What to do
All of the entries should be restated word for word, but without their pictures.

(Records from a data source)
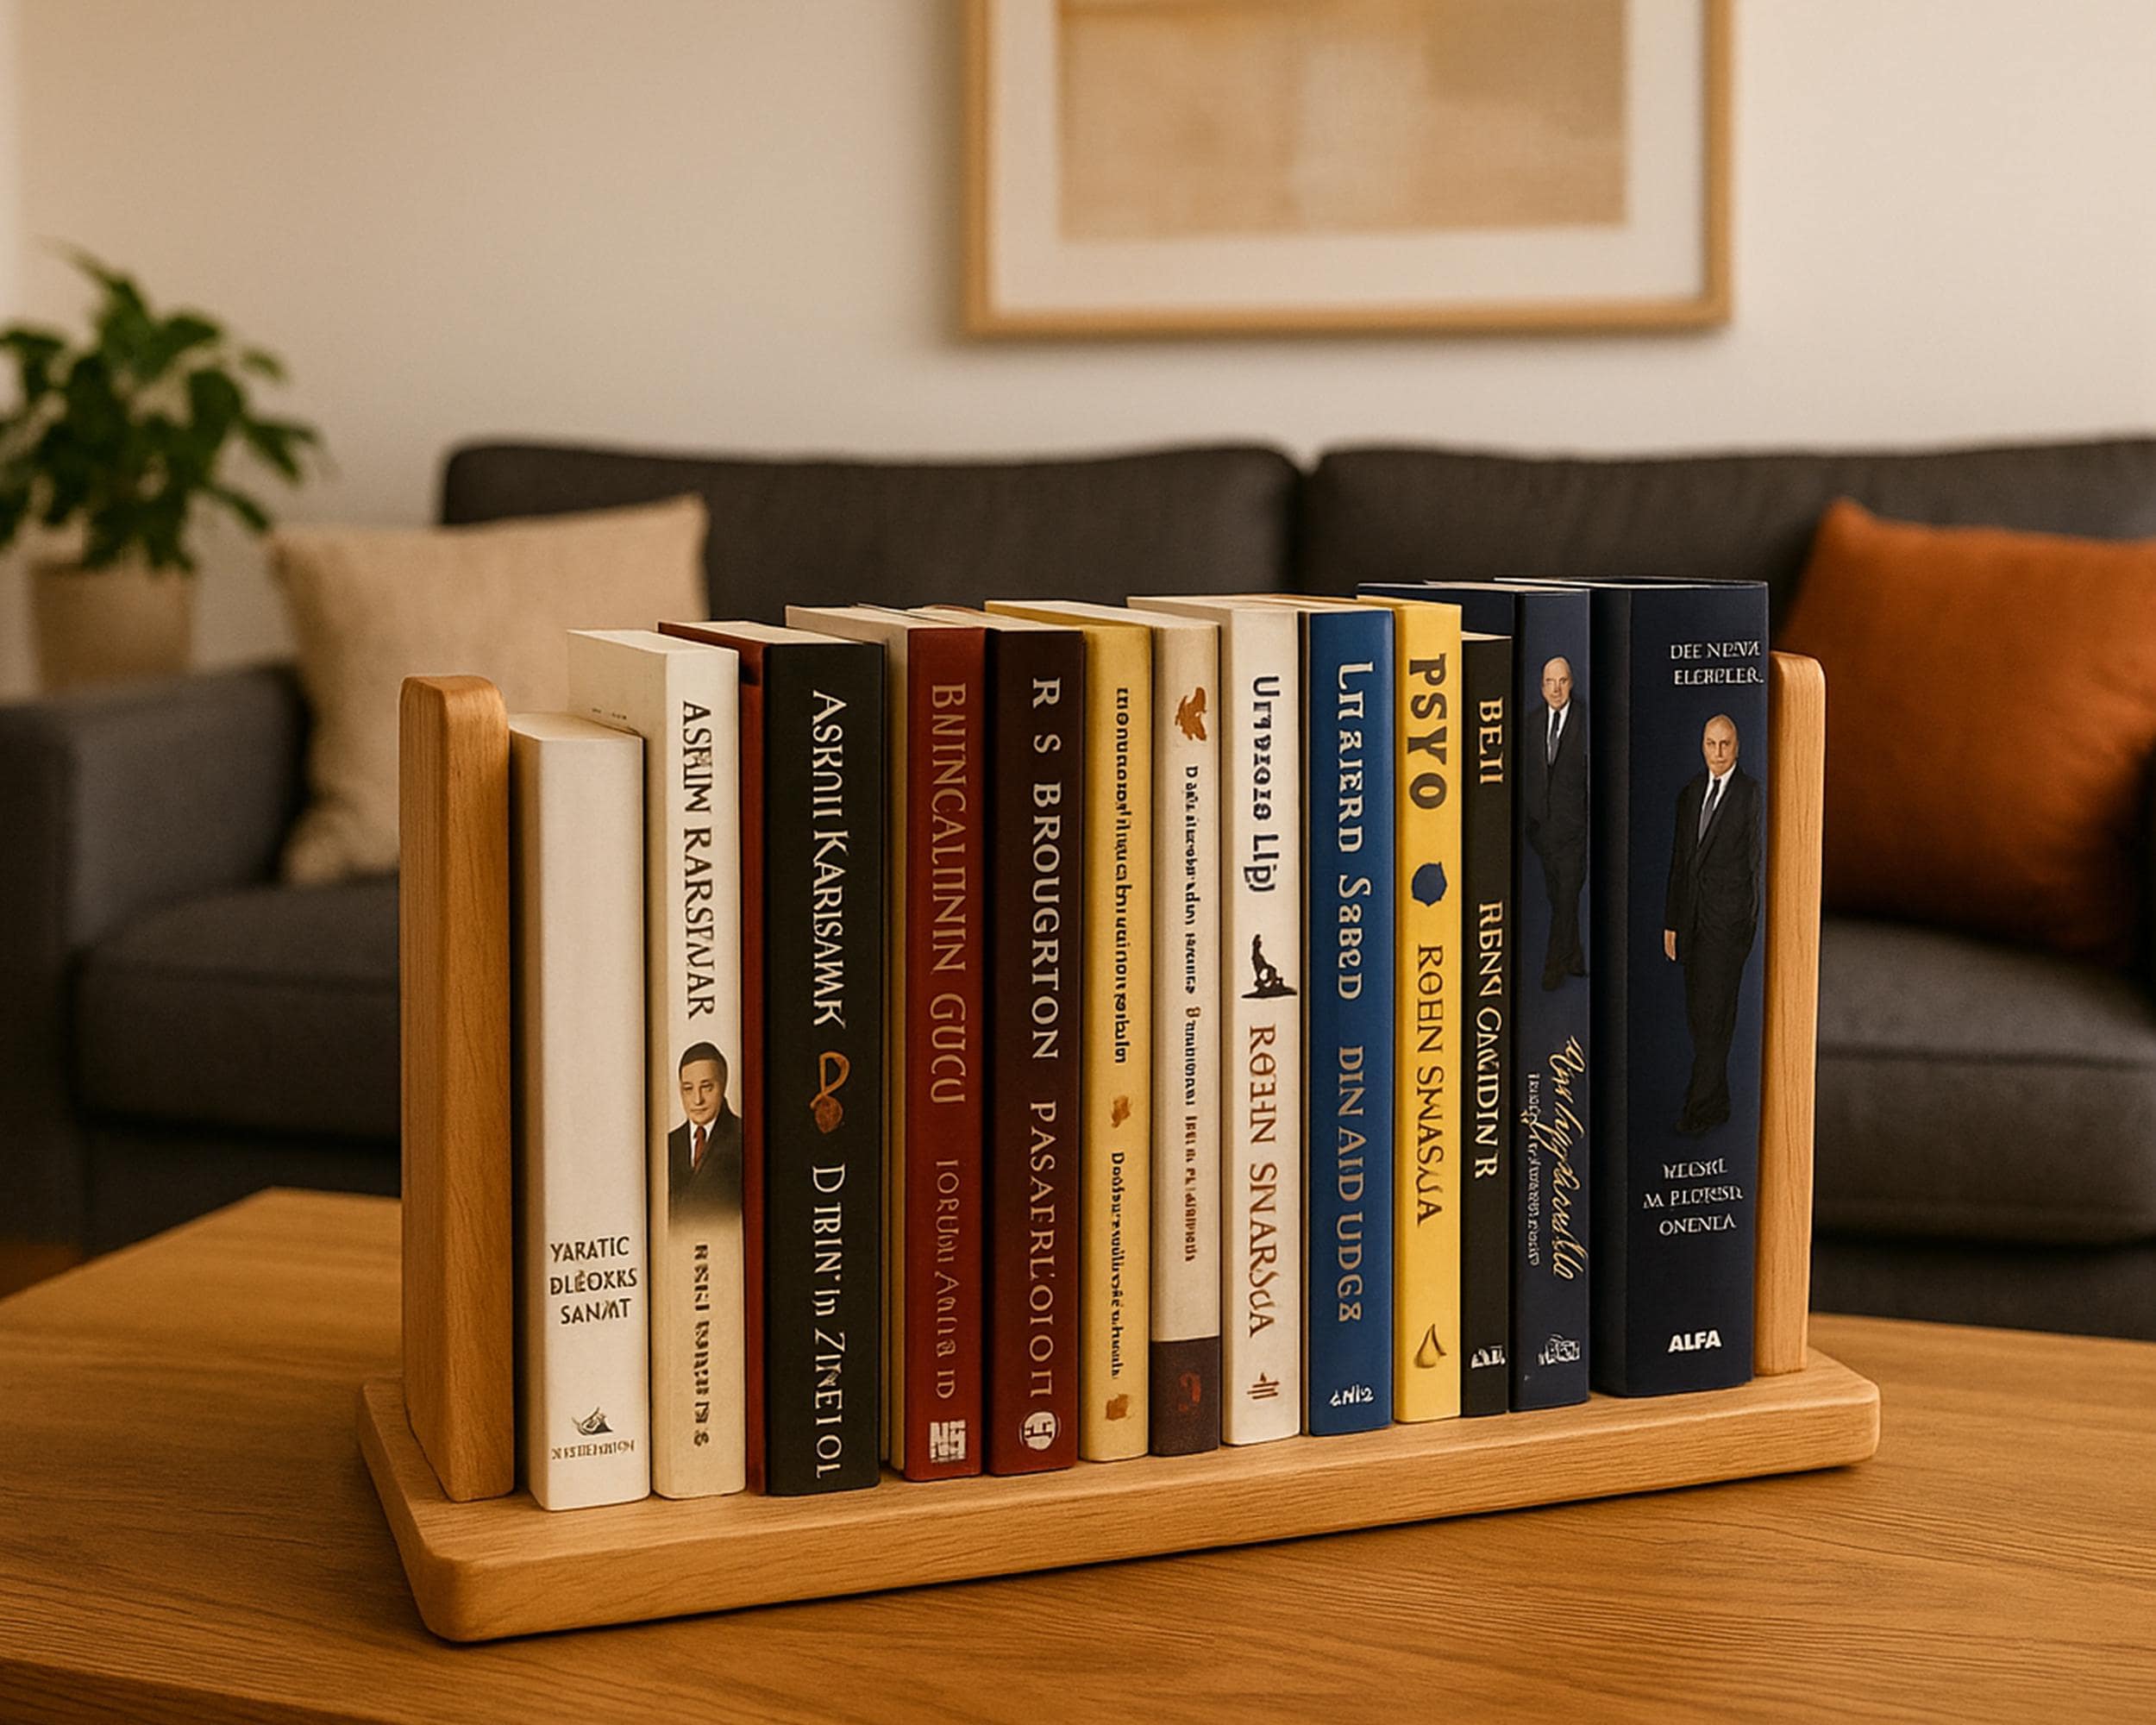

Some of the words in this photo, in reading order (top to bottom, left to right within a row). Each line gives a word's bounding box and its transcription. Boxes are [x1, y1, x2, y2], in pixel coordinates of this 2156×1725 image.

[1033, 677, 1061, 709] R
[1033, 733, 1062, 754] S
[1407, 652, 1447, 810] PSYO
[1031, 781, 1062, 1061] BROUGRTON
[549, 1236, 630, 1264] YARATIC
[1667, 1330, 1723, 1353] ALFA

Answer to the exercise
Some of the words in this photo, in reading order (top to bottom, left to right within a row). Each line gives a word's bounding box and its transcription. Boxes are [x1, y1, x2, y2], in pixel coordinates of this 2156×1725 image.

[1033, 677, 1061, 709] R
[1033, 733, 1062, 754] S
[1407, 652, 1447, 810] PSYO
[1031, 781, 1062, 1061] BROUGRTON
[549, 1236, 630, 1264] YARATIC
[1667, 1330, 1723, 1353] ALFA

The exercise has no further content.